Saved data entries
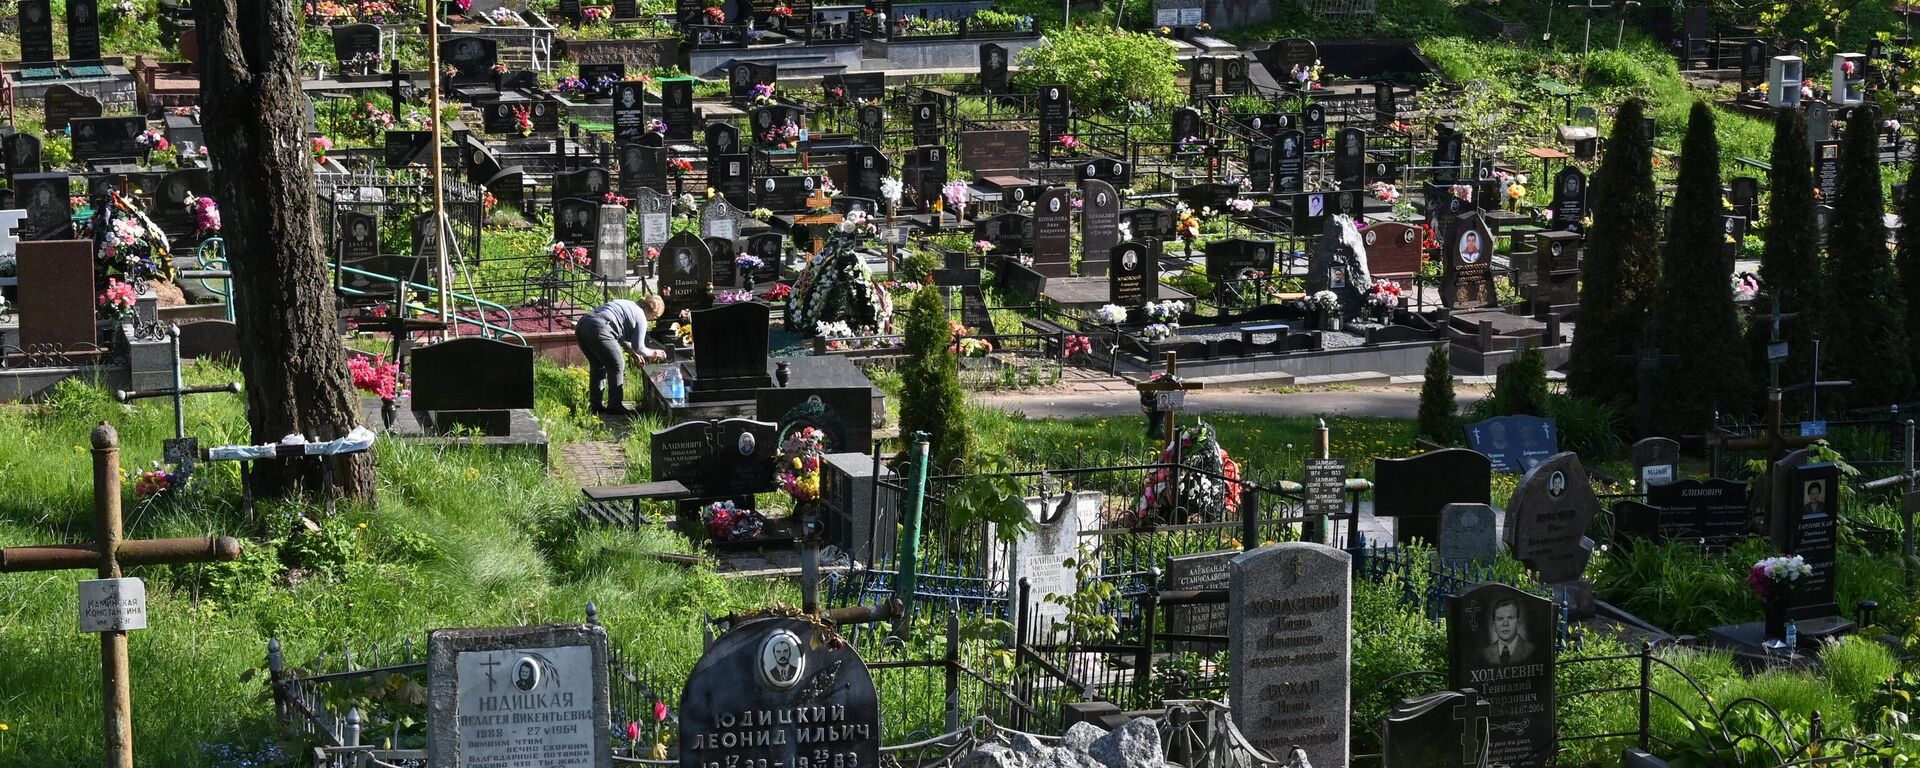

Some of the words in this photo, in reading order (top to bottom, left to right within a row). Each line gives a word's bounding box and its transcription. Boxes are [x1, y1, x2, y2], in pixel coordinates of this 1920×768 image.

[1681, 488, 1722, 497] КЛИМОВИЧ
[1470, 664, 1544, 683] ХОДАСЕВИЧ
[1482, 680, 1531, 695] Геннадий
[478, 692, 574, 712] ЮДИЦКАЯ
[461, 713, 509, 727] ПЕЛАГЕЯ
[512, 710, 594, 725] ВИКЕНТЬЕВНА
[715, 703, 845, 729] ЮДИЦКИЙ
[527, 726, 541, 736] 27
[515, 738, 543, 746] ЧТИМ
[692, 730, 787, 751] ЛЕОНИД
[796, 724, 870, 744] ИЛЬИЧ
[506, 745, 539, 753] ВЕЧНО
[543, 743, 588, 752] СКОРБИМ
[543, 750, 590, 758] ПОТОМКИ
[513, 760, 531, 768] ЧТО
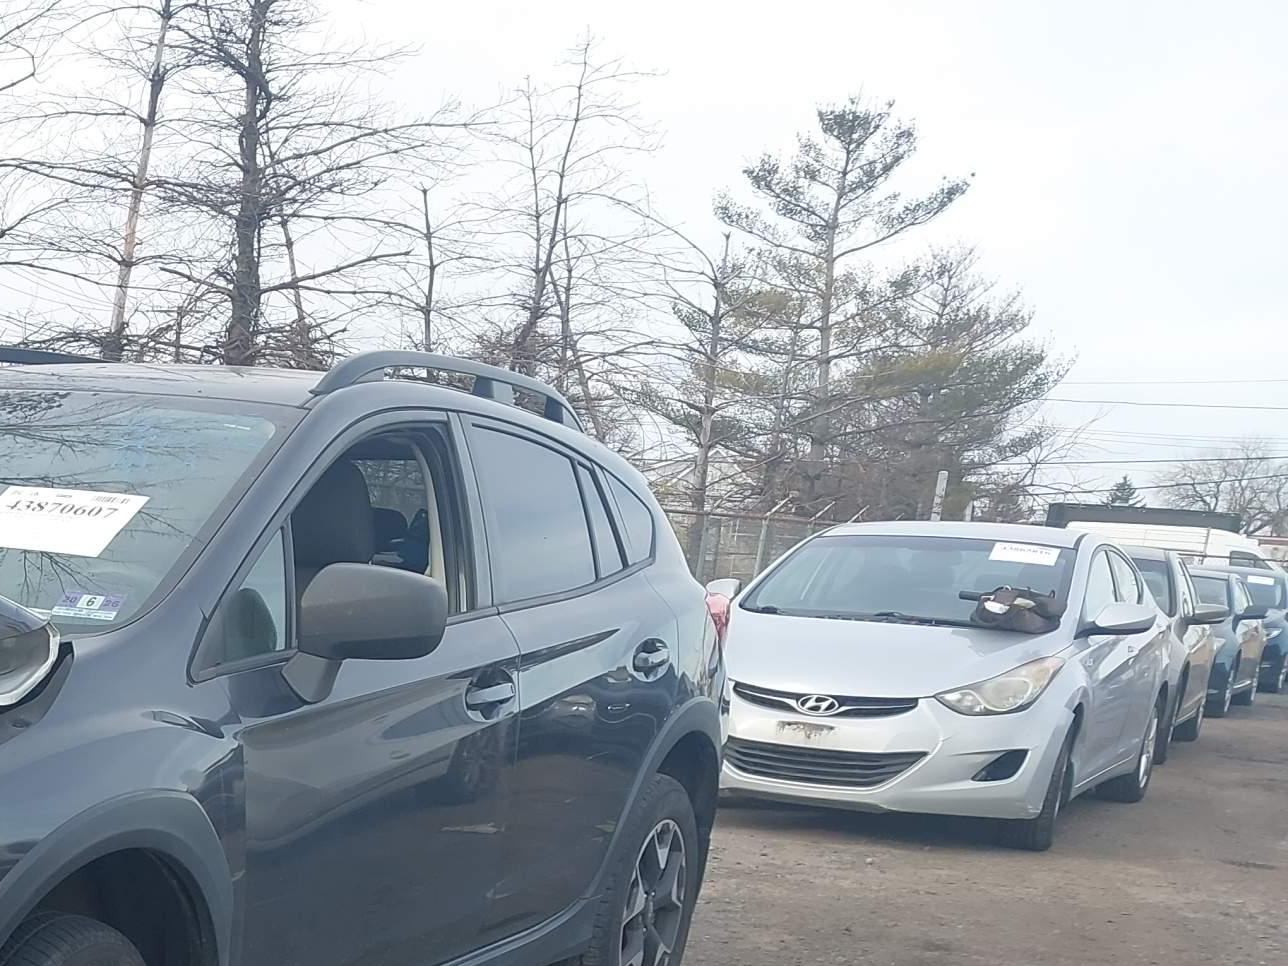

> **Prompt**
Copy the data precisely. Skip every picture.

> **Reply to the task**
Some of the words in this photo, in reading order (top to bottom, left to right within a row). Each line gives a word's bounding box and its transcription. Boxes are [x1, y1, x2, y2], in pixel coordinates of this 1920×768 image.

[1681, 488, 1722, 497] КЛИМОВИЧ
[1470, 664, 1544, 683] ХОДАСЕВИЧ
[1482, 680, 1531, 695] Геннадий
[478, 692, 574, 712] ЮДИЦКАЯ
[461, 713, 509, 727] ПЕЛАГЕЯ
[512, 710, 594, 725] ВИКЕНТЬЕВНА
[715, 703, 845, 729] ЮДИЦКИЙ
[527, 726, 541, 736] 27
[515, 738, 543, 746] ЧТИМ
[692, 730, 787, 751] ЛЕОНИД
[796, 724, 870, 744] ИЛЬИЧ
[506, 745, 539, 753] ВЕЧНО
[543, 743, 588, 752] СКОРБИМ
[543, 750, 590, 758] ПОТОМКИ
[513, 760, 531, 768] ЧТО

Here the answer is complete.